Characteristics of the study population at the time of the final blood collection for long-term assessment.
Second-line DMTs.
DMT, disease-modifying therapies; IQR, interquartile range; MS, multiple sclerosis; No., number of patients; OCB, oligoclonal bands; SD, standard deviation.
During the follow-up period, four patients (27%) experienced clinical relapses. Three patients had a single relapse, while one patient had three relapses. New lesions on MRI were detected in eight patients (53%) during the entire follow-up period. No relapse and new lesions on MRI were found in 6/15 (40%) patients throughout the LT follow-up.
Long-term impact of CLAD on preexisting pathogen-specific antibodies
During the follow-up period, four patients (27%) received a tick-borne encephalitis (TBE) vaccination, two (13%) were vaccinated against HBV and influenza, and one patient received a combined tetanus–diphtheria vaccine as well as a VZV vaccine.
Compared to the BL immunity status, we observed no relevant impact of CLAD on pathogen-specific humoral immunity at 73 months posttreatment initiation (Figure 1(a)). Among the seven different pathogen-specific antibodies analyzed in our cohort (n = 15), a total of six immunities were lost in five individuals (n = 2 against measles, n = 2 against mumps, n = 1 against rubella, and n = 1 against HBV). In one patient, humoral immunity against HBV was lost 2 months after initiation of CLAD therapy; this individual had a BL anti-HBs titer of 114.7 U/L, only marginally above the threshold of 100 U/L. In the remaining four patients, protective pathogen-specific antibody levels were maintained at their last intermediate IgG assessments prior to LT follow-up, conducted at 5, 20, 23, and 23 months after CLAD initiation, respectively. Thus, any loss of immunity has occurred between these time points and the final follow-up.

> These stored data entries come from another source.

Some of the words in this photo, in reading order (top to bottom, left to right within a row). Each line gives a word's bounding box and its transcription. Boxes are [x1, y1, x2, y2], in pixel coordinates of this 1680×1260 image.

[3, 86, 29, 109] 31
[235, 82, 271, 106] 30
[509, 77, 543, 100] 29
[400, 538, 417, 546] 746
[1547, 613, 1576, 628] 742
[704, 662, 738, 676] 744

(a) Preexisting pathogen-specific IgG immunity to seven common pathogens was not altered by CLAD treatment after LT (mean 73 months) surveillance. (b) Pathogen-specific IgG levels to SARS-CoV-2 (anti-Spike IgG) assessed 73 months after CLAD initiation. Cohort divided into patients with (CLAD → subsequent anti-CD20 therapy; green dots) and without (CLAD therapy; blue dots) subsequent anti-CD20 treatment. Individuals with subsequent anti-CD20 depleting therapy (n = 5) mounted significantly fewer antibodies to SARS-CoV-2 (anti-Spike IgG). Dashed lines indicate cut-off values. Error bars represent 95% confidence intervals. (c) Absolute IgG blood levels remained stable despite immune reconstitution by CLAD. (d) Absolute IgG blood levels of five patients with consecutive anti-CD20 B cell depleting therapy remained stable during the follow-up period. Gray dotted lines represent the normal range of IgG levels. Error bars represent 95% confidence intervals with n = 15, for VZV n = 14.

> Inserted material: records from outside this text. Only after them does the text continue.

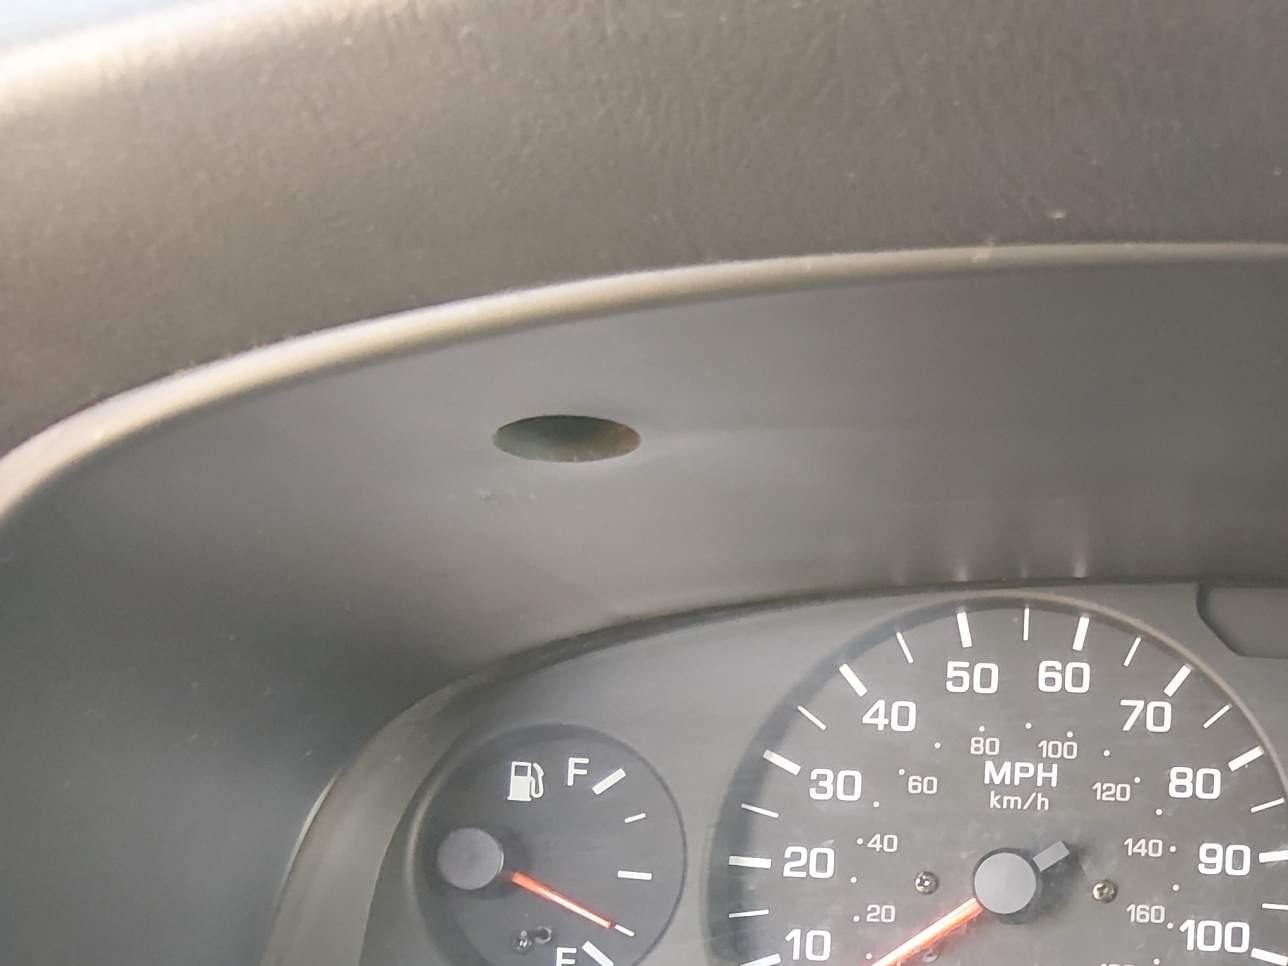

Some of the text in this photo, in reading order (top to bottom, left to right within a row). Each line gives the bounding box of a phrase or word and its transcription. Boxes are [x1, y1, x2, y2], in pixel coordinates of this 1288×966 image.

[946, 662, 999, 694] 50
[1038, 662, 1090, 694] 60
[862, 700, 916, 732] 40
[1120, 699, 1172, 732] 70
[970, 737, 1000, 756] 80
[1038, 740, 1078, 760] 100
[567, 758, 589, 786] F
[809, 769, 861, 801] 30
[907, 776, 938, 795] 60
[983, 761, 1058, 787] MPH
[1168, 767, 1222, 800] 80
[989, 791, 1050, 811] km/h
[1092, 783, 1131, 802] 120
[867, 834, 898, 852] 40
[1124, 839, 1163, 858] 140
[782, 846, 835, 879] 20
[1197, 843, 1251, 875] 90
[866, 904, 895, 923] 20
[1126, 905, 1165, 924] 160
[785, 928, 832, 962] 10
[1179, 920, 1250, 953] 100

On the other hand, five immunities were gained in five individuals (n = 2 against HBV, n = 1 against mumps, n = 1 against diphtheria, n = 1 against tetanus) during follow-up.

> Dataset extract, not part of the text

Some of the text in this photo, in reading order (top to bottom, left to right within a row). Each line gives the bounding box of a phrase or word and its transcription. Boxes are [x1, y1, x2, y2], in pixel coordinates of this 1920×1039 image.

The proportion of patients with pathogen-specific immunity at BL varied by antigen, ranging from 60% to 100%. Immunity was universal (100%) for measles and VZV, whereas 60% of patients were immune to HBV. HBV also had the lowest (67%) immunity rate after LT follow-up, with immunity levels across all pathogens ranging from 67% to 100%. Complete immunity (100%) was observed against tetanus toxin (n = 15) and VZV (n = 14).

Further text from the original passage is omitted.